Create an AWS Lambda to Query Data with Athena and Output to S3 Bucket using Python

A serverless example using AWS Lambda, Athena and Python to ETL data

By Rob Johnson

Mon Aug 16 2021

# tutorial # python # aws

Traditionally I've used servers to run ETL jobs. PHP specifically has been my main tool over the years. I've used PHP since my Wordpress days back in 2007 and I've enjoyed using it. Simple, readable and readily available across the web ecosystem.

However, as great and easy as it is to get rolling, when you're running production services, worrying about the infrastructure and dev ops side of things can catch you off-guard and ruin your day if there is a problem. Serverless services such as AWS Lambda promise to take away that pain and provide you a way to focus on the real thing you care about, the execution of the code you write.

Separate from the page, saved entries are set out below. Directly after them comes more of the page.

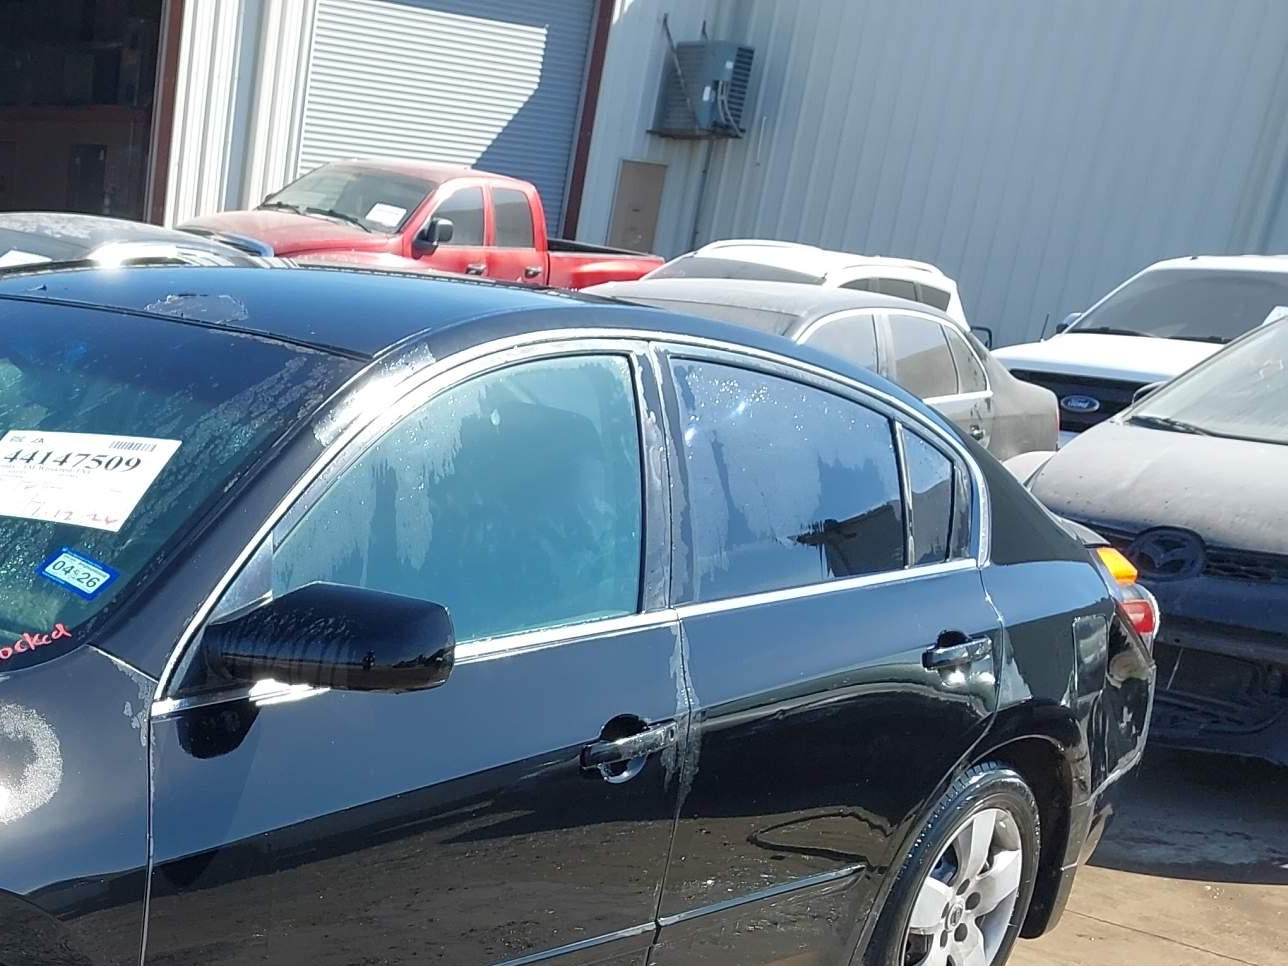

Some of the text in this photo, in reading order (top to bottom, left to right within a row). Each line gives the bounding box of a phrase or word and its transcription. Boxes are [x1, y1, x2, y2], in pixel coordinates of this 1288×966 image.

[3, 449, 142, 473] 44147509
[52, 560, 74, 576] 04
[76, 571, 101, 588] 26
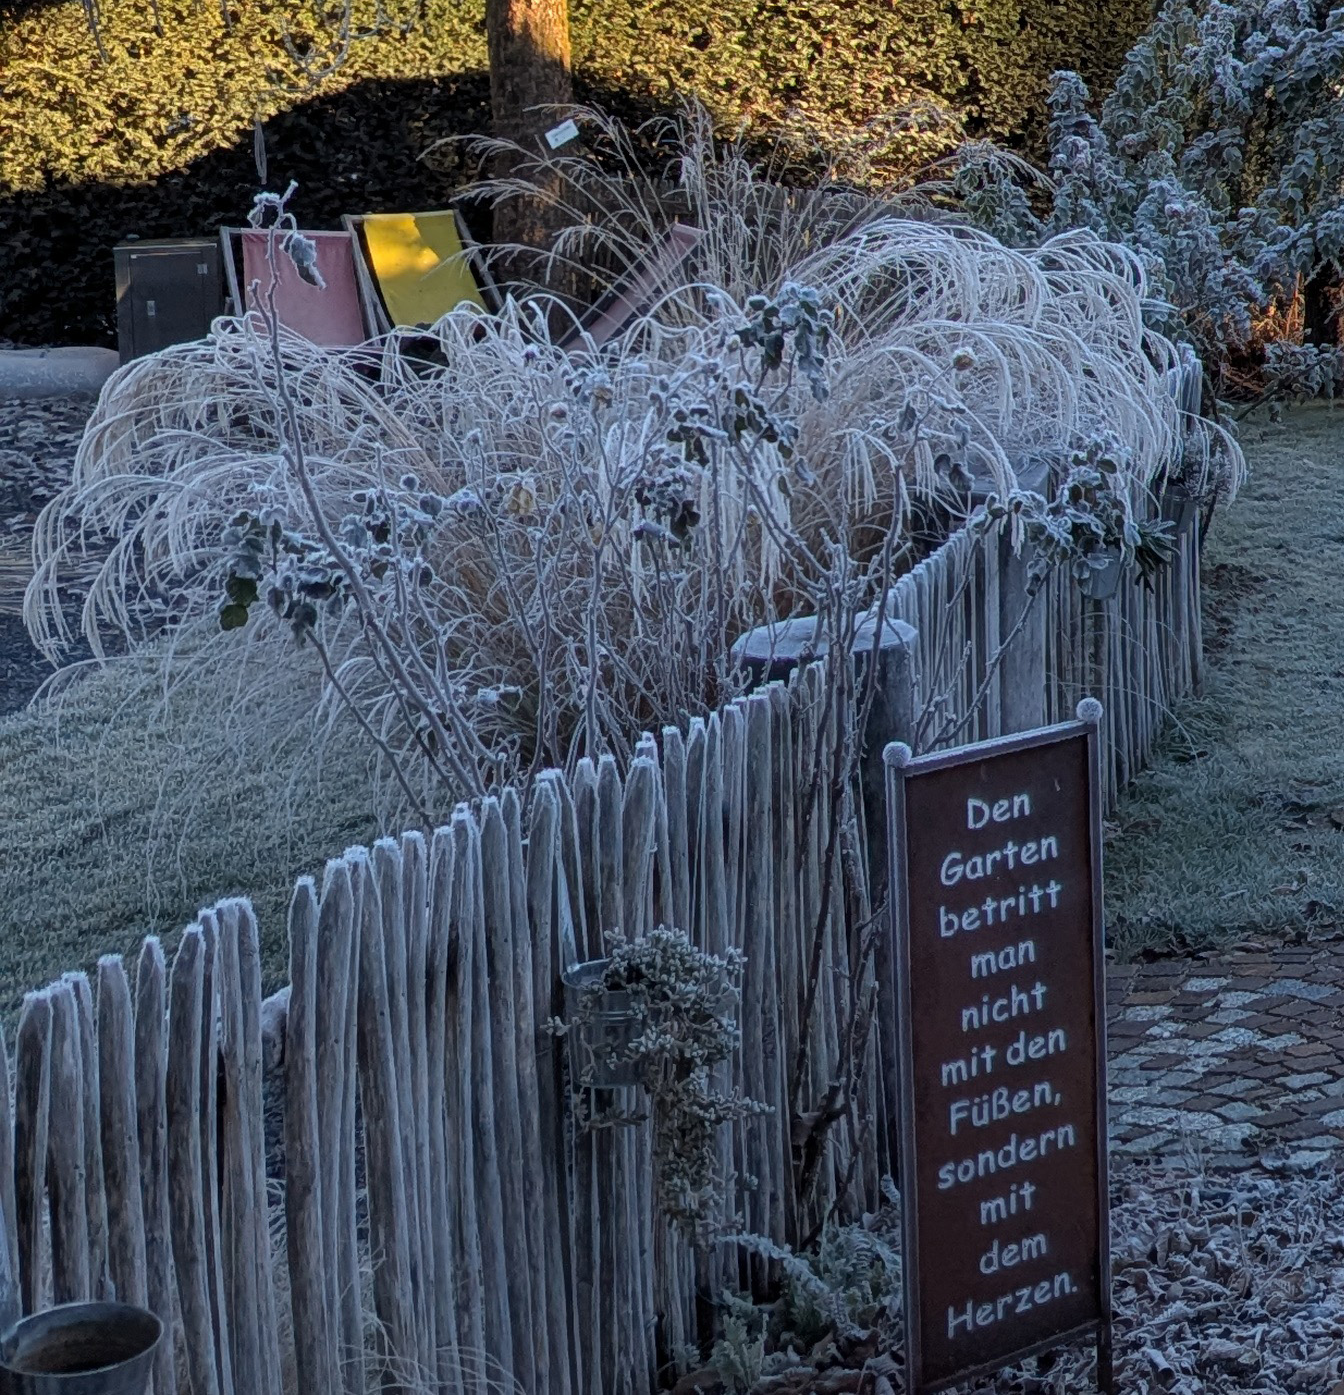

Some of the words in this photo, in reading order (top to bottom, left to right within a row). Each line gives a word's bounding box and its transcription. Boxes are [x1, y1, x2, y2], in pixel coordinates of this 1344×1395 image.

[967, 793, 1030, 829] Den
[940, 835, 1058, 886] Garten
[939, 880, 1062, 937] betritt
[971, 940, 1035, 978] man
[962, 982, 1047, 1032] nicht
[941, 1045, 996, 1086] mit
[1006, 1028, 1066, 1065] den
[950, 1081, 1061, 1135] Füßen,
[938, 1124, 1075, 1189] sondern
[981, 1181, 1036, 1225] mit
[979, 1233, 1047, 1274] dem
[948, 1271, 1078, 1339] Herzen.
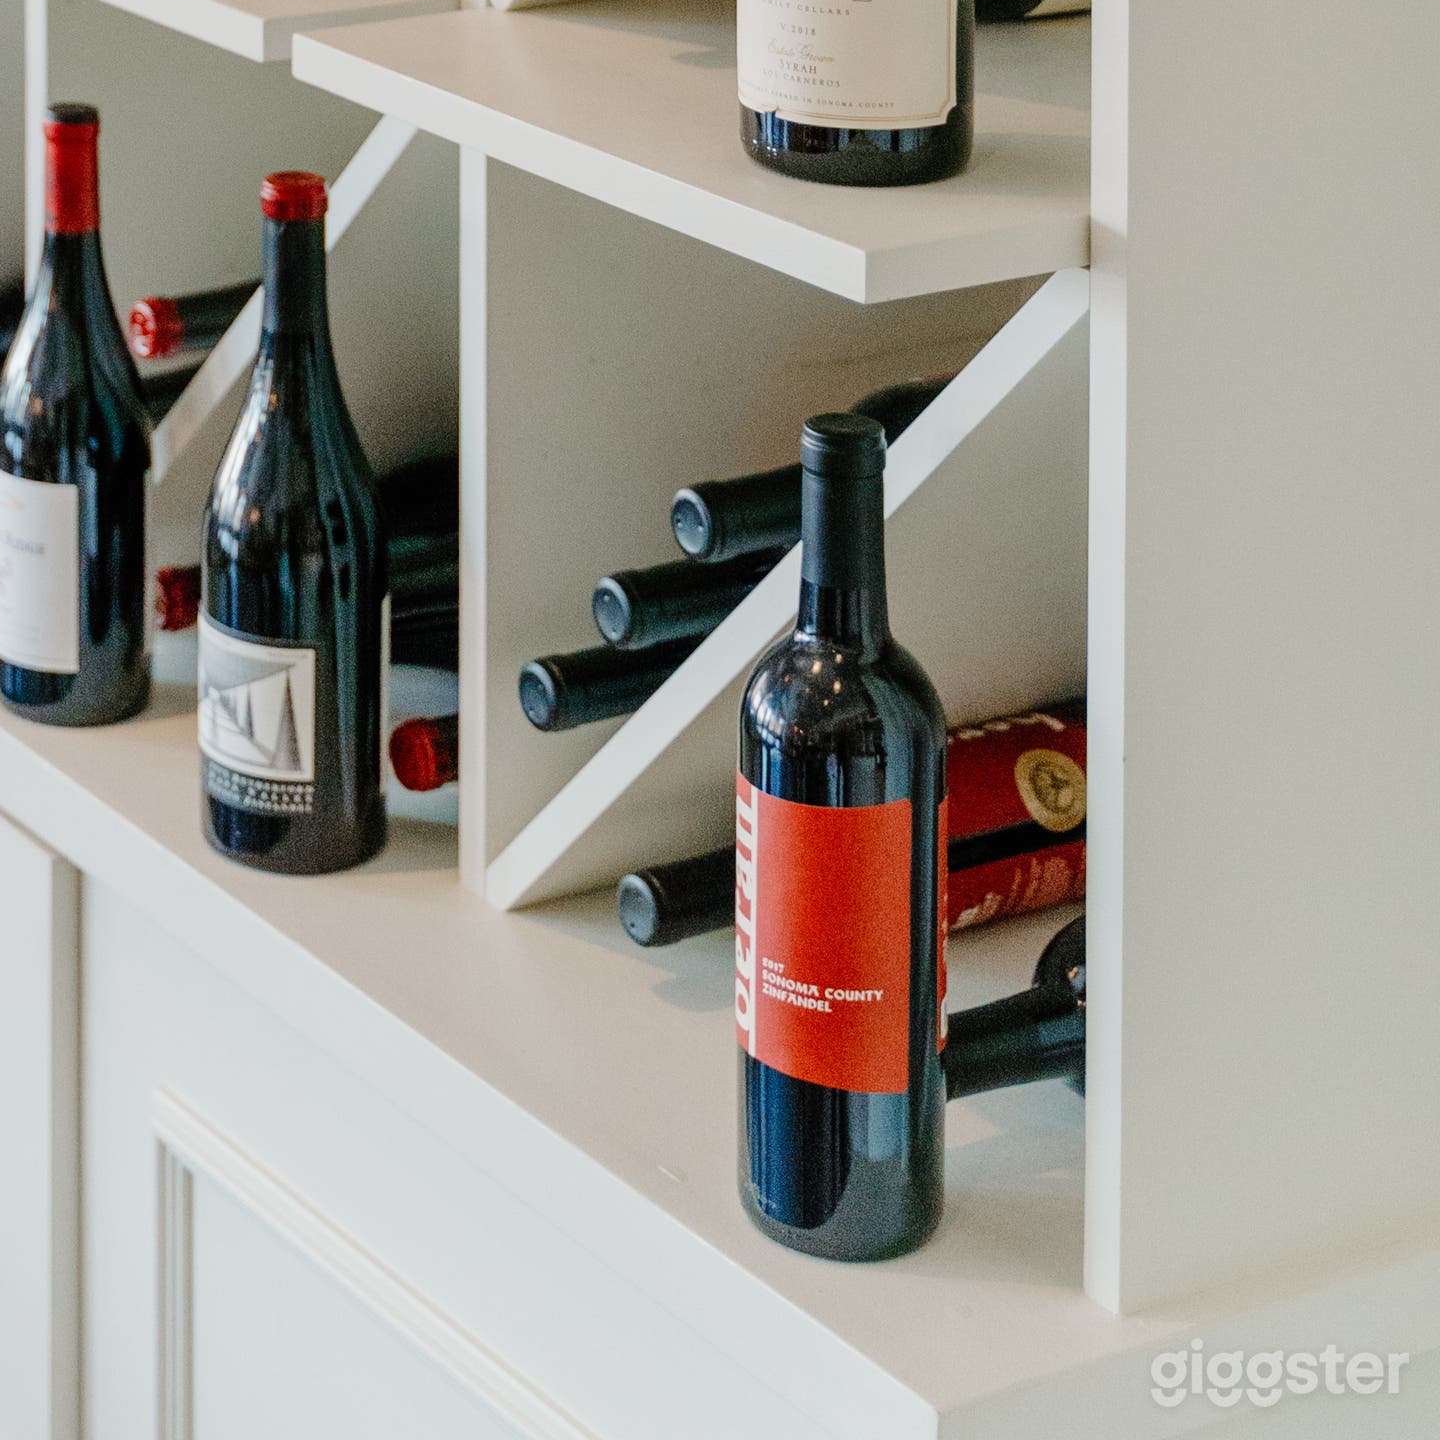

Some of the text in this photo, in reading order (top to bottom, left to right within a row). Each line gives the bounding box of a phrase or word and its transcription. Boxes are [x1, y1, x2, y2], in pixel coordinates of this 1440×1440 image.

I'm a sucker for simplicity. I'll work really hard to be really lazy.

Why Amazon Athena?

Databases cost a lot to run in both time and cash. If you don't need high availablity and speed for your database, you should consider storing your data in a storage solution like Amazon Athena. It will store your data in S3 at S3 prices and only charge you for the queries you execute (time + size of data queried). For example, if you need to process some data every day, you likely don't need a production server running all day. This is especially true if you are running large queries on large datasets. Instead you could have your data dropped off in an S3 bucket in CSV format and you could use Athena to query those files the same way you'd query a regular SQL database.

Athena helps you analyze unstructured, semi-structured, and structured data stored in Amazon S3. Examples include CSV, JSON, or columnar data formats such as Apache Parquet and Apache ORC. You can use Athena to run ad-hoc queries using ANSI SQL, without the need to aggregate or load the data into Athena.

AWS Athena Docs

I like using Athena as I can use SQL which I'm comfortable using while benefiting from having unlimited storage in S3. I don't need to worry about maintaining and paying for a database. The permissions are set within AWS and it is locked by default down to the AWS console if all the defaults are kept.

If storage (AWS S3) and data querying (AWS Athena) are both serverless, then why not use AWS lambda to run the job?

Lambda 1: Query Athena and load the results into S3 (Python)

In the example below, the code instructs the Lambda to import boto3 (the AWS SDK for Python) and use it to run a query against a database/table, then output the results of that query in CSV format and upload to a selected S3 bucket.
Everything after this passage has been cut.